WHAT TO WORK ON
The answer must be an exact reproduction of all the entries.

[Stored data]
=== Begin Enclosure ===
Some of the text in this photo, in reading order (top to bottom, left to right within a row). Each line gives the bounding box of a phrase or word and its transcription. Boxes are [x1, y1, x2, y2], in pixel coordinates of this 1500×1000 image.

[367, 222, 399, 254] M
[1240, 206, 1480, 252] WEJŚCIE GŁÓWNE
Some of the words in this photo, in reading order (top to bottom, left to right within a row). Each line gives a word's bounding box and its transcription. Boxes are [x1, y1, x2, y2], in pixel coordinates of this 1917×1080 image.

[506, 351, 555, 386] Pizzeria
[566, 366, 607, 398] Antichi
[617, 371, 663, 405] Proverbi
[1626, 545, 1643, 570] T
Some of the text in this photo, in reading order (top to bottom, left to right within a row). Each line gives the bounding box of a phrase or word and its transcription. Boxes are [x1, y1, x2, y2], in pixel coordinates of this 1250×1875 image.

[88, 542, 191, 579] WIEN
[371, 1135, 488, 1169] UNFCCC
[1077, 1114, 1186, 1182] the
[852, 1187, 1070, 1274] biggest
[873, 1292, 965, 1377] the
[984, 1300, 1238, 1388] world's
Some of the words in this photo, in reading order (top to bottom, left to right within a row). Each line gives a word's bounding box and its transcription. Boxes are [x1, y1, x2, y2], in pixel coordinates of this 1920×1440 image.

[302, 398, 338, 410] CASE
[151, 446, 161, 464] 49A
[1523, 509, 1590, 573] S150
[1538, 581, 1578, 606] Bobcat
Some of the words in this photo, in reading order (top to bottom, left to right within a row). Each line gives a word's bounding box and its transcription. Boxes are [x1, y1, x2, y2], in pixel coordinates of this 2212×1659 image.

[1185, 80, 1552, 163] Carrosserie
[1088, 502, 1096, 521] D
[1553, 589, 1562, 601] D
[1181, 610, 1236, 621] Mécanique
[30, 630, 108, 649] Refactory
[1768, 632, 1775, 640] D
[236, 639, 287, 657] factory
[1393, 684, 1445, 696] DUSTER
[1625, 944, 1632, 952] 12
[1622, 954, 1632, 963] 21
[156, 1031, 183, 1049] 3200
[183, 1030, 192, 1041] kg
=== End Enclosure ===
EXERCISE RESULT
Some of the text in this photo, in reading order (top to bottom, left to right within a row). Each line gives the bounding box of a phrase or word and its transcription. Boxes are [x1, y1, x2, y2], in pixel coordinates of this 1500×1000 image.

[367, 222, 399, 254] M
[1240, 206, 1480, 252] WEJŚCIE GŁÓWNE
Some of the words in this photo, in reading order (top to bottom, left to right within a row). Each line gives a word's bounding box and its transcription. Boxes are [x1, y1, x2, y2], in pixel coordinates of this 1917×1080 image.

[506, 351, 555, 386] Pizzeria
[566, 366, 607, 398] Antichi
[617, 371, 663, 405] Proverbi
[1626, 545, 1643, 570] T
Some of the text in this photo, in reading order (top to bottom, left to right within a row). Each line gives the bounding box of a phrase or word and its transcription. Boxes are [x1, y1, x2, y2], in pixel coordinates of this 1250×1875 image.

[88, 542, 191, 579] WIEN
[371, 1135, 488, 1169] UNFCCC
[1077, 1114, 1186, 1182] the
[852, 1187, 1070, 1274] biggest
[873, 1292, 965, 1377] the
[984, 1300, 1238, 1388] world's
Some of the words in this photo, in reading order (top to bottom, left to right within a row). Each line gives a word's bounding box and its transcription. Boxes are [x1, y1, x2, y2], in pixel coordinates of this 1920×1440 image.

[302, 398, 338, 410] CASE
[151, 446, 161, 464] 49A
[1523, 509, 1590, 573] S150
[1538, 581, 1578, 606] Bobcat
Some of the words in this photo, in reading order (top to bottom, left to right within a row). Each line gives a word's bounding box and its transcription. Boxes are [x1, y1, x2, y2], in pixel coordinates of this 2212×1659 image.

[1185, 80, 1552, 163] Carrosserie
[1088, 502, 1096, 521] D
[1553, 589, 1562, 601] D
[1181, 610, 1236, 621] Mécanique
[30, 630, 108, 649] Refactory
[1768, 632, 1775, 640] D
[236, 639, 287, 657] factory
[1393, 684, 1445, 696] DUSTER
[1625, 944, 1632, 952] 12
[1622, 954, 1632, 963] 21
[156, 1031, 183, 1049] 3200
[183, 1030, 192, 1041] kg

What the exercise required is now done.